Monitoring the Mechanism of Fiber Assembly of AB Peptides in Alzheimer's Disease (AD) by Two-Dimensional Ultraviolet (2DUV) Spectroscopy

Abstract

Understanding the aggregation mechanism of amyloid fibrils is a critical step in the investigation of several neurodegenerative disorders associated with the misfolding of proteins. In a previous study (Rojas et al., JMB 2010 404, 537--552), the growth mechanism of β-amyloid peptide fibrils which is associated with Alzheimer's disease (AD), was successfully modeled by using a physics-based coarse-grained united-residue model and molecular dynamics (MD) simulations.

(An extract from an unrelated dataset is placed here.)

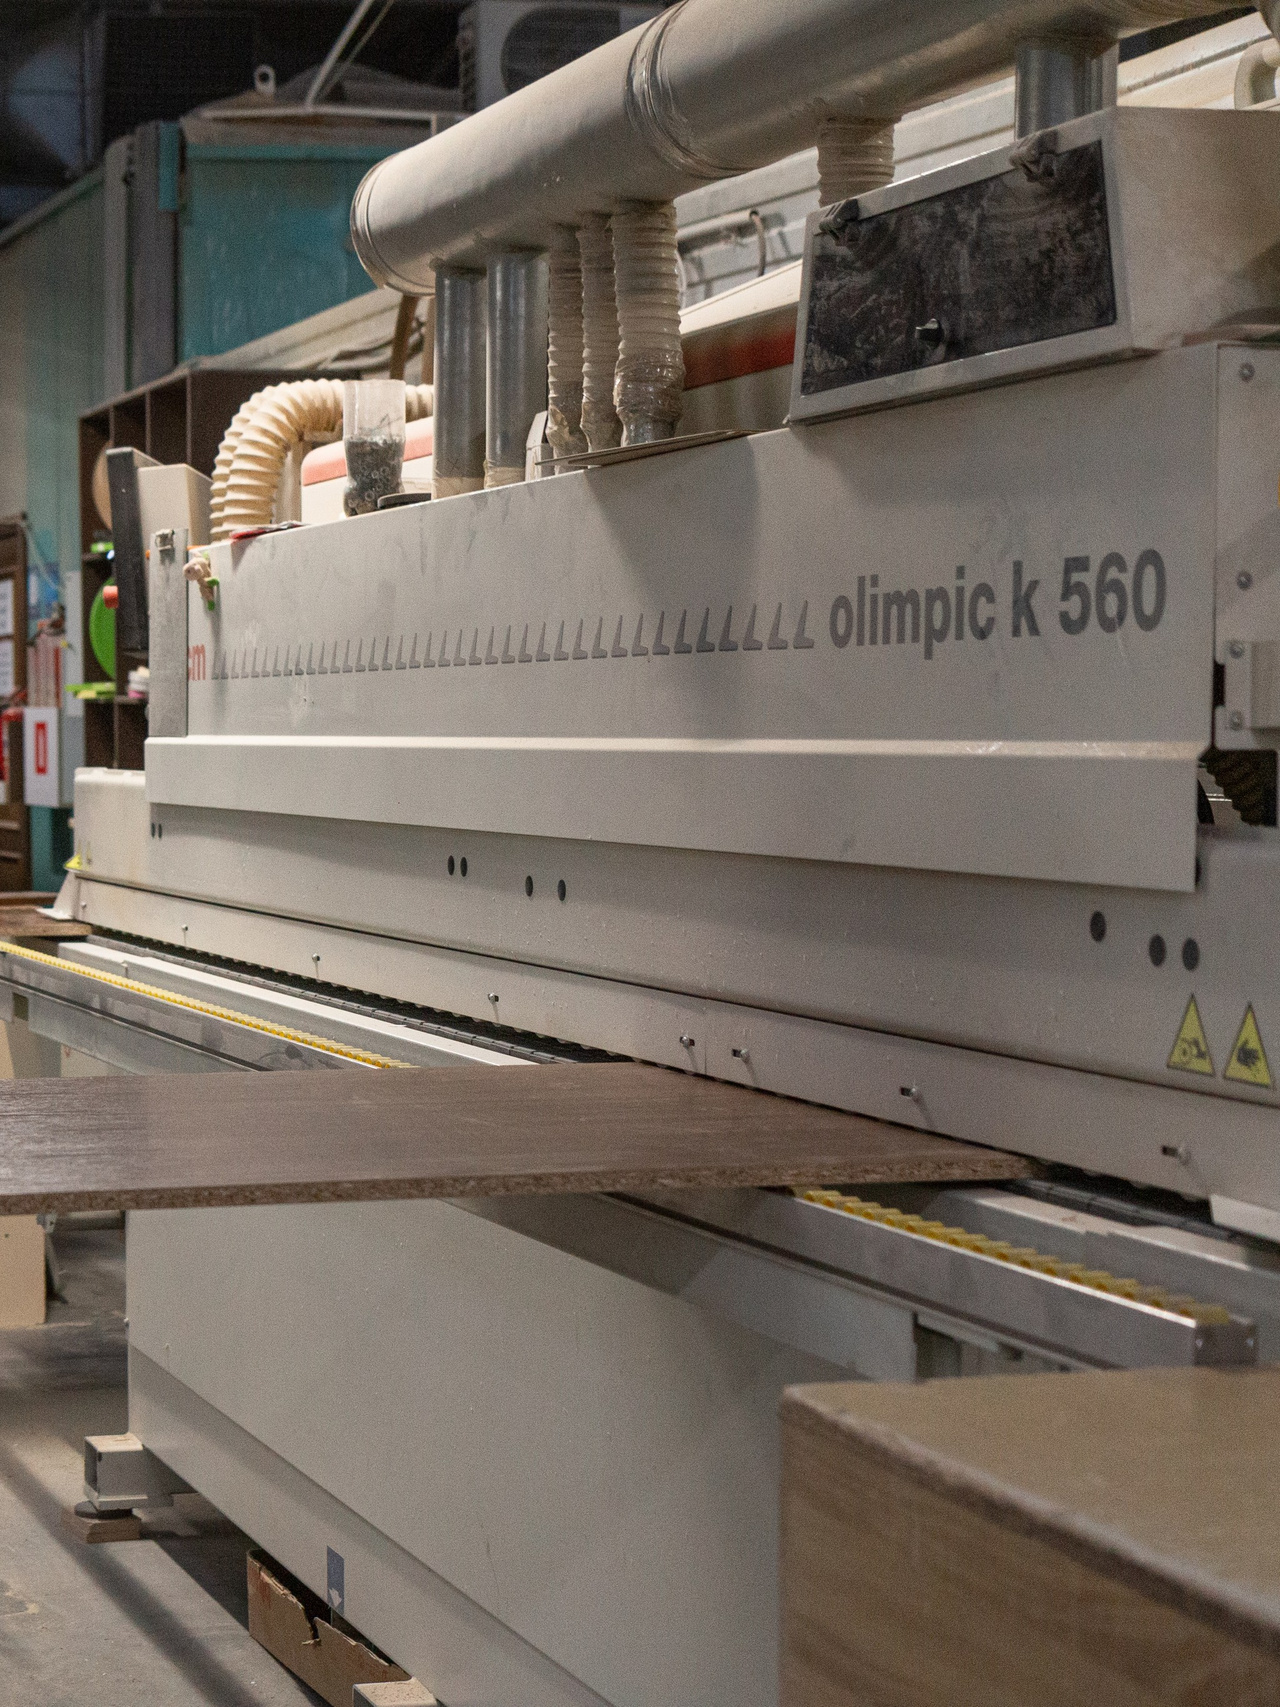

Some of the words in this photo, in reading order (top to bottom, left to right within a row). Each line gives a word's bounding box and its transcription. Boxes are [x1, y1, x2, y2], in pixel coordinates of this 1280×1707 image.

[829, 565, 996, 660] olimpic
[1011, 560, 1041, 638] k
[1058, 549, 1167, 635] 560

We report a simulation study of coherent two-dimensional chiral signals based on the trajectories obtained by Rojas et al. to monitor this growth mechanism at different simulation times. Far ultraviolet signals (FUV)(λ = 190--250 nm) originated from the backbone nπ∗ and ππ∗ transitions, and near ultraviolet signals (NUV) ( λ >= 250 nm) are associated with aromatic side-chains (Phe and Tyr). These signals display distinct cross peak patterns in the two-dimensional spectra that can be used, in combination with MD, to monitor local dynamics and conformational changes in the secondary structure of Aβ peptides during the aggregation process. 2DUV total chiral signals in the aggregation process are combinations of subset of chiral signals from a monomer Aβ peptide, an amyloid fibril and the interactions between them.